Exercise instructions: Verbatim output of the lines below is required, with the images omitted.

[Phrase grounding data]
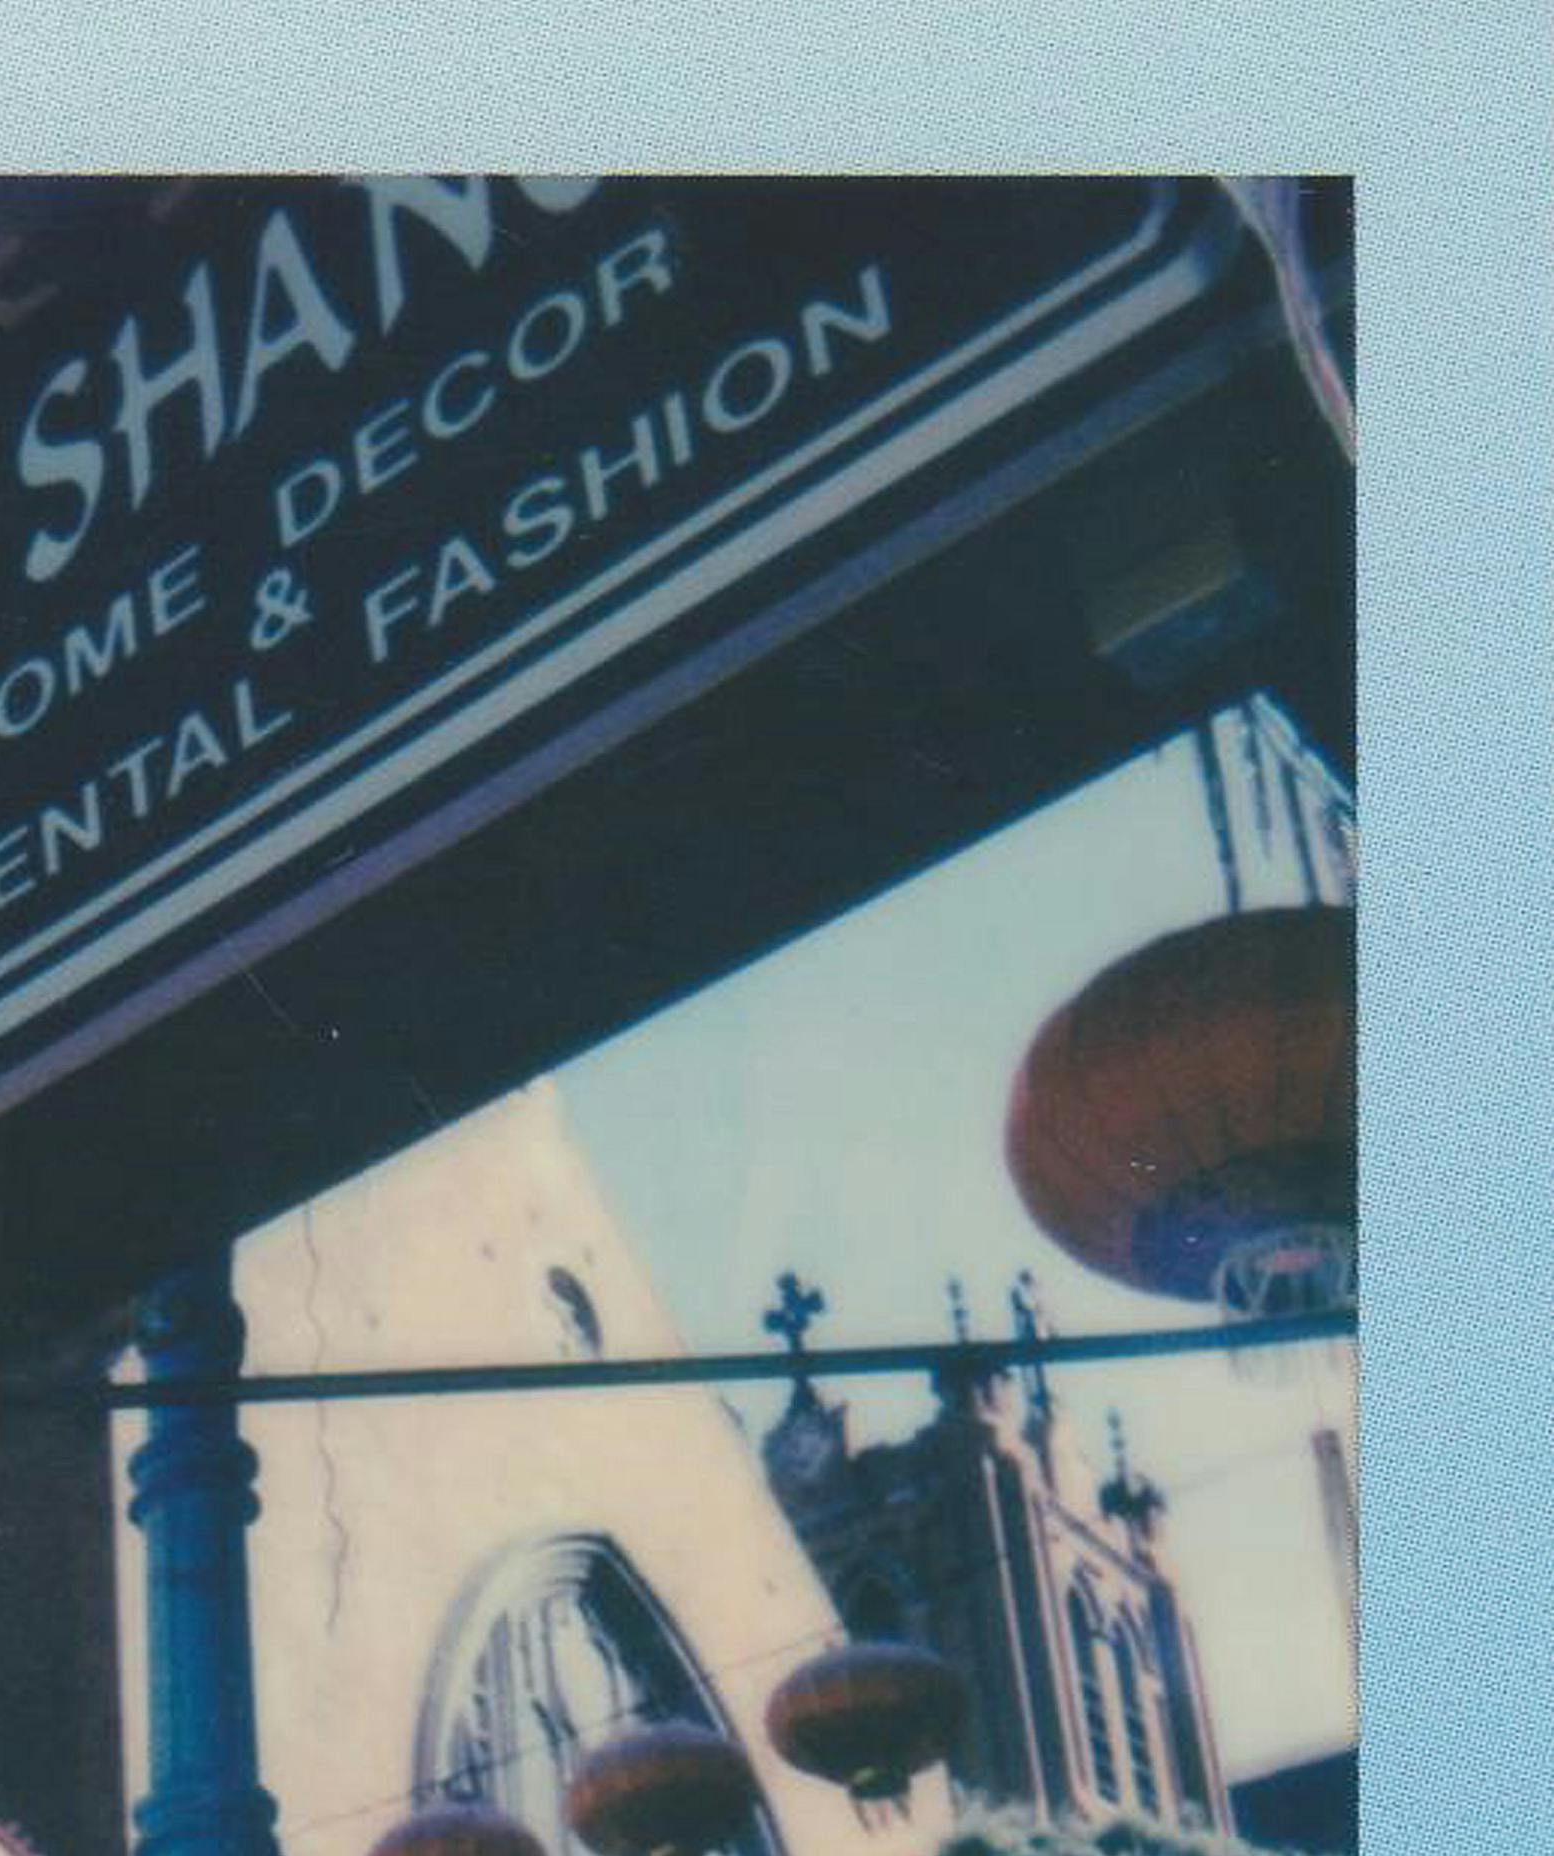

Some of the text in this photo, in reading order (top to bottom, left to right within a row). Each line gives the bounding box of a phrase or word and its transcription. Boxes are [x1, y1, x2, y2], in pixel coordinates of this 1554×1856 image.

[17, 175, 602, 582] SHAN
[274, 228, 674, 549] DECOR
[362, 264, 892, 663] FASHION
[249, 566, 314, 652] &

Answer to this exercise:
Some of the text in this photo, in reading order (top to bottom, left to right within a row). Each line gives the bounding box of a phrase or word and its transcription. Boxes are [x1, y1, x2, y2], in pixel coordinates of this 1554×1856 image.

[17, 175, 602, 582] SHAN
[274, 228, 674, 549] DECOR
[362, 264, 892, 663] FASHION
[249, 566, 314, 652] &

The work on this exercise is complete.